At one mobile signup location on Jefferson Street in Nashville, not a single person was able to complete the signup process for the Affordable Care Act at healthcare.gov, as the computer system wouldn't let them get any further than the screen to create a security question.
Jeanette Buchanan, a full-time student who's been without healthcare coverage for several months, came to the signup location with hopes to find a plan Tuesday.
But the computer system wasn't much help in calculating what her premium would be.
"She was trying to see how much I would be paying for insurance. It didn't come out right, so I don't know right now," Buchanan said.
It was a frustrating problem all across the city. Frances Totten, a cosmetologist, couldn't access the health exchange's computer system either.
"Too many people on at one time," she said.
A social services agency added extra staffing Tuesday to handle the "trouble" phone calls, but they still couldn't keep up.

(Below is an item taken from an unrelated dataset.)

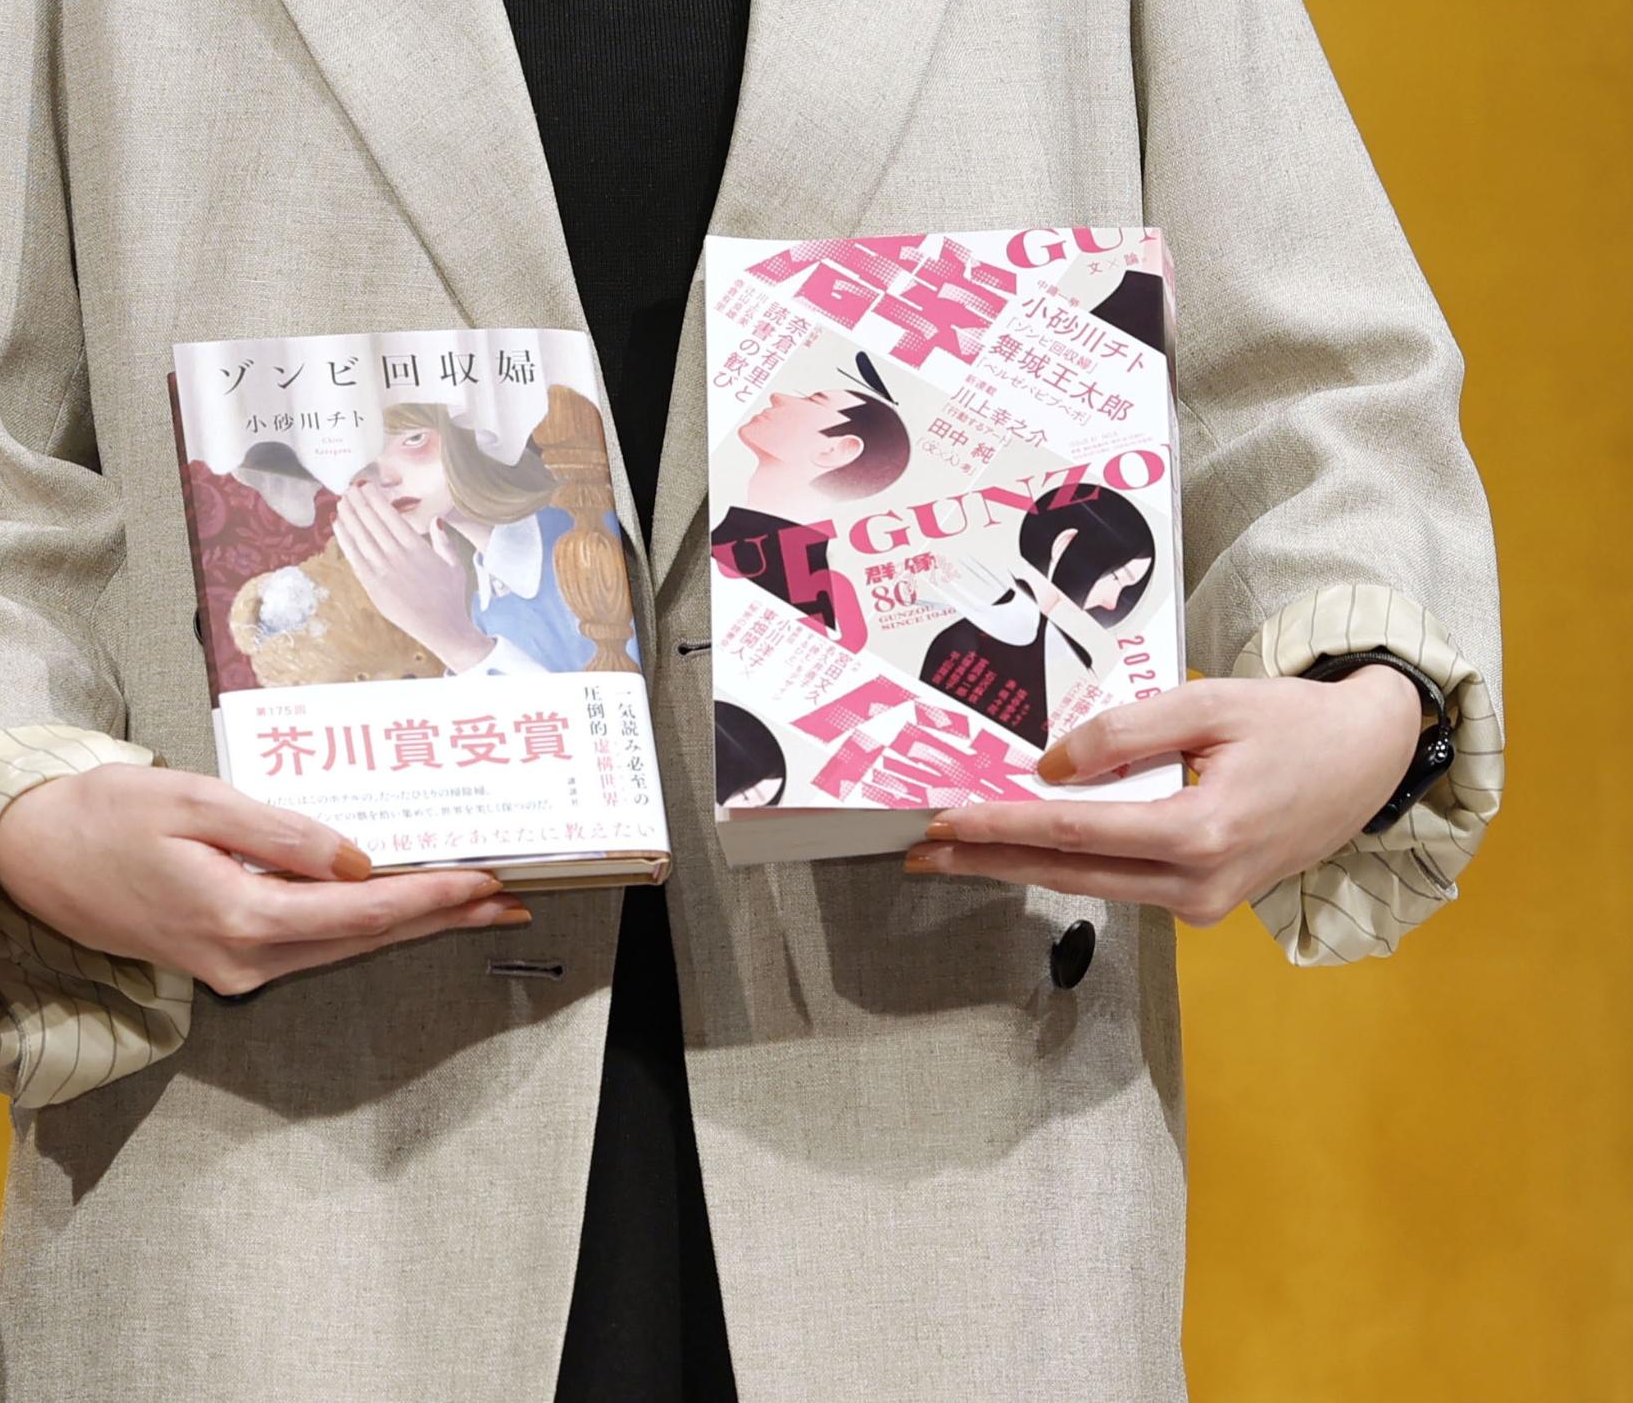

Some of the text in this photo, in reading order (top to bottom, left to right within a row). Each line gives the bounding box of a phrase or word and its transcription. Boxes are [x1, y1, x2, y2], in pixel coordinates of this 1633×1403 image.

Supporters of the Affordable Care Act see this not as a computer failure but as an example of the desperate need for healthcare.
Estimates say as many as 120,000 people in Nashville are uninsured.
Mary Branson sells The Contributor for a living and will lose her state-run coverage at the end of the year.
She's hoping the Affordable Care Act will help her pay for the medicine she takes for her rheumatoid arthritis.
"My income is very limited," Branson said.
The bad news is people who make less than about $11,000 a year may not qualify for this program. The federal government believes they should be covered under Medicaid - our version in Tennessee is TennCare - and, so far, the state has not decided to expand TennCare coverage.